Records shown
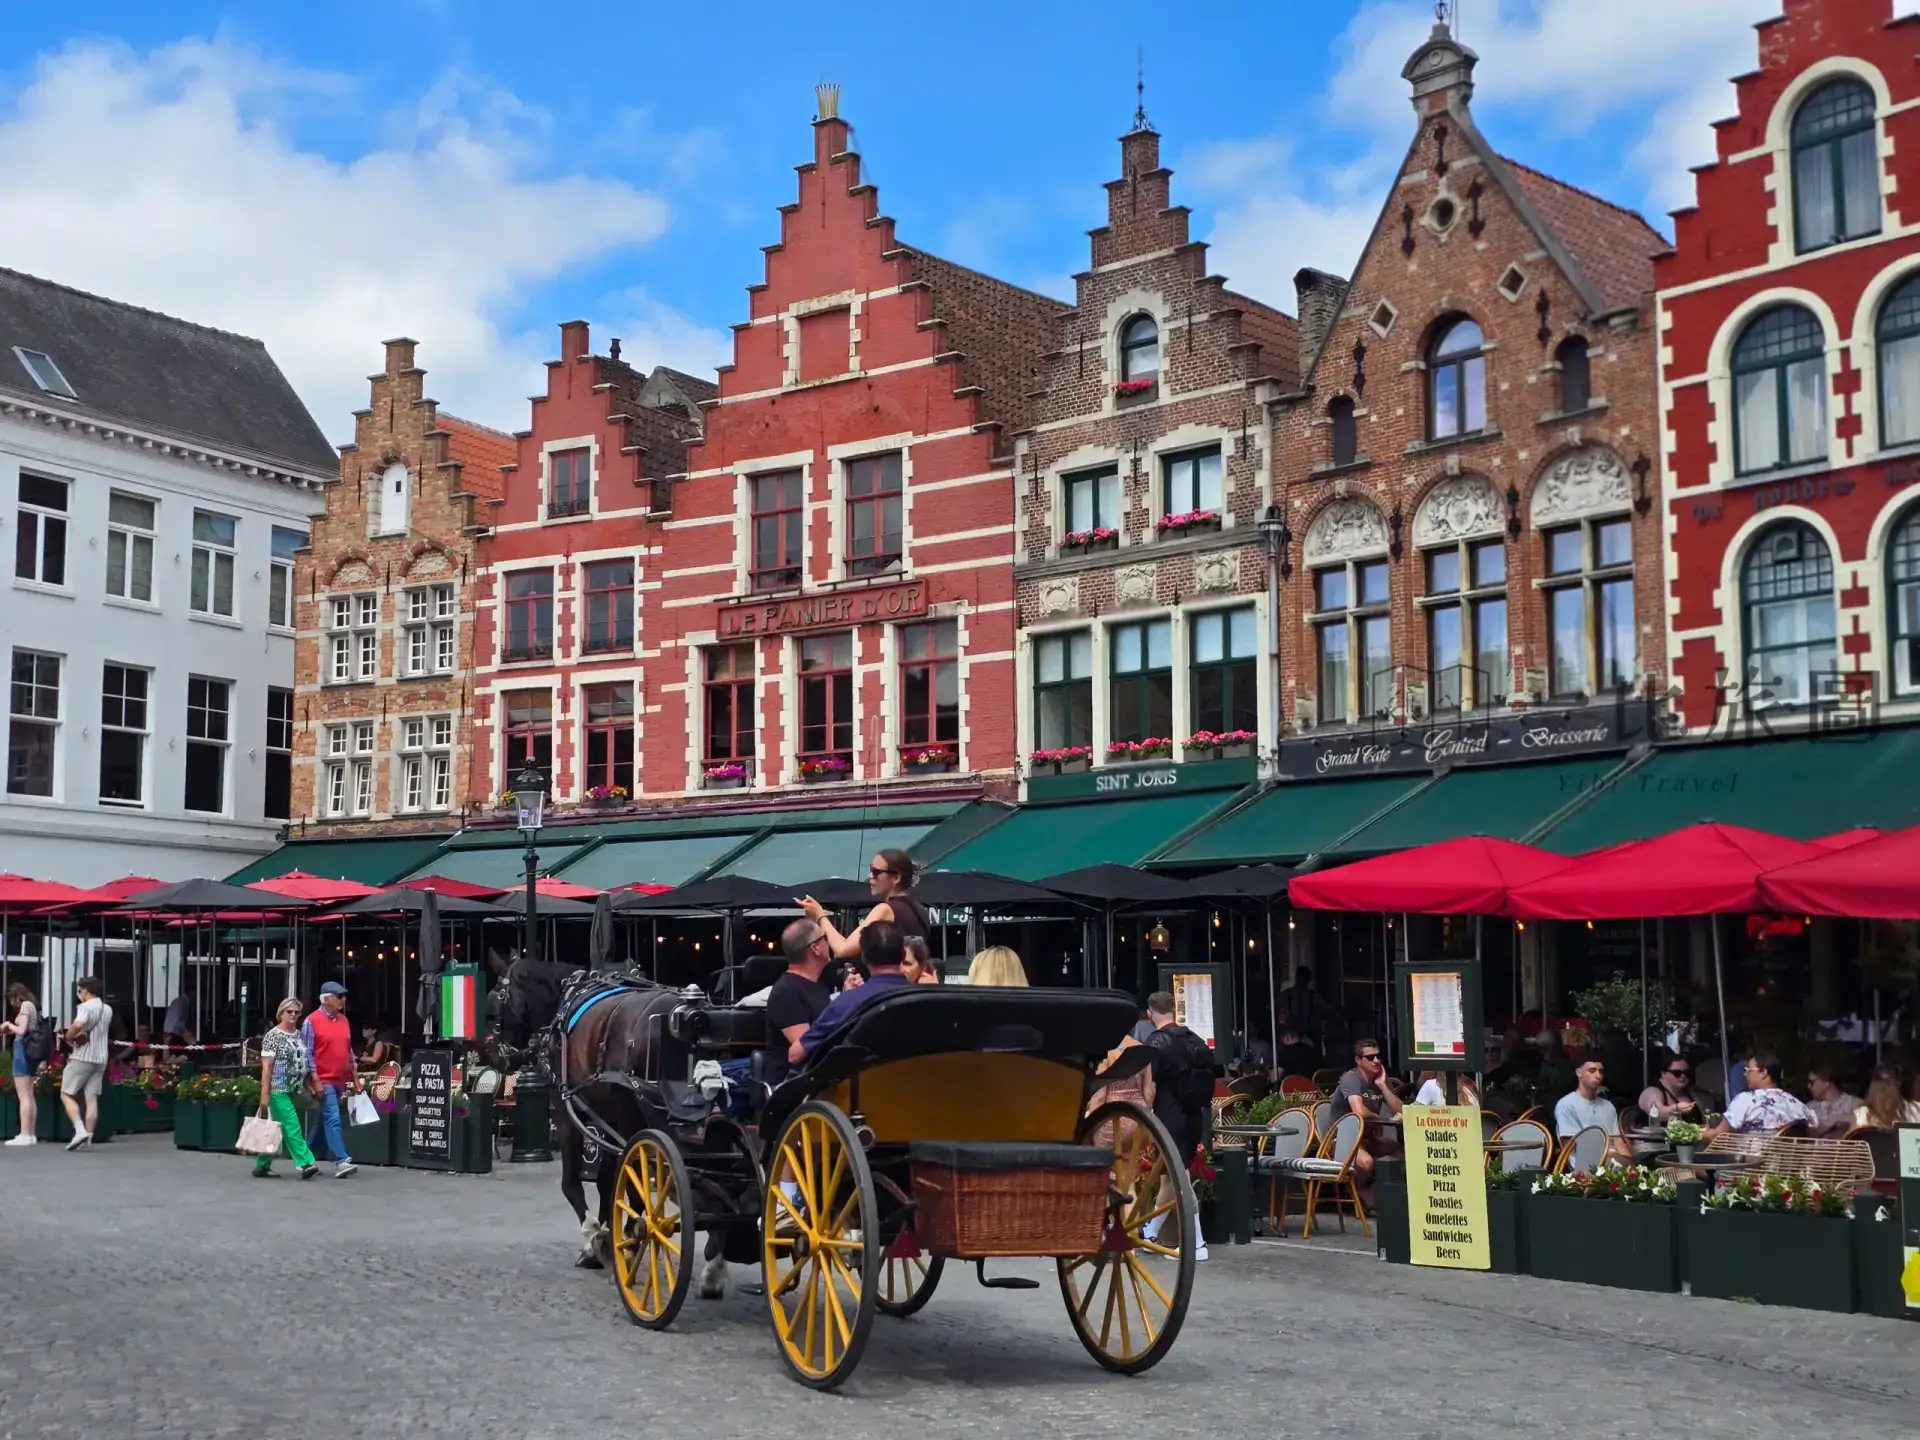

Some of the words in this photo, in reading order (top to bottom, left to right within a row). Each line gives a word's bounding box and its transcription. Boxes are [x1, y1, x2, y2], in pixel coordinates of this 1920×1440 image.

[726, 613, 756, 635] LE
[761, 595, 853, 631] PANIER
[861, 588, 920, 618] D'OR
[1316, 747, 1360, 774] Grand
[1424, 729, 1488, 763] Central
[1521, 722, 1608, 748] Brasserie
[1096, 773, 1129, 792] SINT
[1134, 769, 1176, 788] JORIS
[421, 1064, 440, 1075] PIZZA
[417, 1078, 423, 1089] &
[425, 1078, 444, 1090] PASTA
[416, 1095, 426, 1103] SOUP
[428, 1096, 444, 1104] SALADS
[418, 1107, 441, 1116] BAGUETTES
[1416, 1116, 1425, 1126] La
[1453, 1117, 1468, 1127] d'or
[412, 1131, 423, 1139] MILK
[1424, 1130, 1457, 1142] Salades
[430, 1140, 447, 1148] WAFFLES
[1427, 1147, 1458, 1159] Pasta's
[1426, 1163, 1461, 1177] Burgers
[1433, 1179, 1456, 1192] Pizza
[1428, 1196, 1463, 1209] Toasties
[1425, 1212, 1468, 1226] Omelettes
[1423, 1229, 1473, 1243] Sandwiches
[1436, 1246, 1461, 1259] Beers
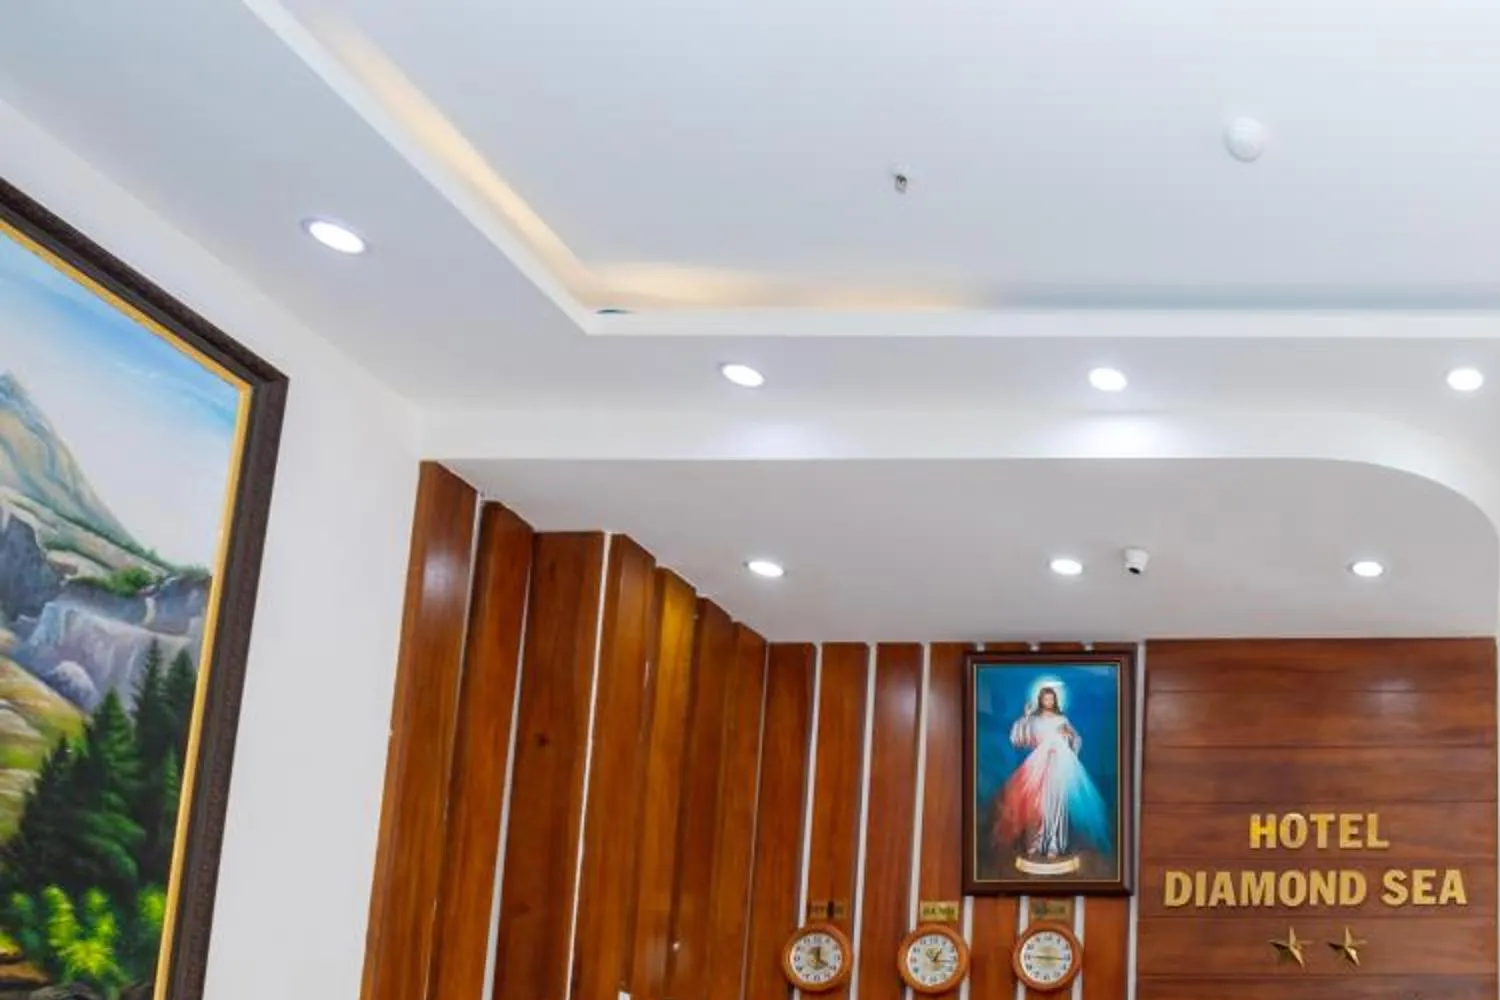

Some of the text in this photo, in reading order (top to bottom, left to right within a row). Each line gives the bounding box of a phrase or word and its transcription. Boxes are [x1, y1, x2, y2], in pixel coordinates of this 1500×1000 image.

What you will do
Everything in the listing above except the pictures should be duplicated exactly.

Response box
Some of the words in this photo, in reading order (top to bottom, left to right within a row). Each line gives a word's bounding box and its transcription. Boxes are [x1, y1, x2, y2], in pixel coordinates of this 1920×1440 image.

[726, 613, 756, 635] LE
[761, 595, 853, 631] PANIER
[861, 588, 920, 618] D'OR
[1316, 747, 1360, 774] Grand
[1424, 729, 1488, 763] Central
[1521, 722, 1608, 748] Brasserie
[1096, 773, 1129, 792] SINT
[1134, 769, 1176, 788] JORIS
[421, 1064, 440, 1075] PIZZA
[417, 1078, 423, 1089] &
[425, 1078, 444, 1090] PASTA
[416, 1095, 426, 1103] SOUP
[428, 1096, 444, 1104] SALADS
[418, 1107, 441, 1116] BAGUETTES
[1416, 1116, 1425, 1126] La
[1453, 1117, 1468, 1127] d'or
[412, 1131, 423, 1139] MILK
[1424, 1130, 1457, 1142] Salades
[430, 1140, 447, 1148] WAFFLES
[1427, 1147, 1458, 1159] Pasta's
[1426, 1163, 1461, 1177] Burgers
[1433, 1179, 1456, 1192] Pizza
[1428, 1196, 1463, 1209] Toasties
[1425, 1212, 1468, 1226] Omelettes
[1423, 1229, 1473, 1243] Sandwiches
[1436, 1246, 1461, 1259] Beers

Some of the text in this photo, in reading order (top to bottom, left to right within a row). Each line gives the bounding box of a phrase or word and its transcription. Boxes are [x1, y1, x2, y2], in pixel coordinates of this 1500×1000 image.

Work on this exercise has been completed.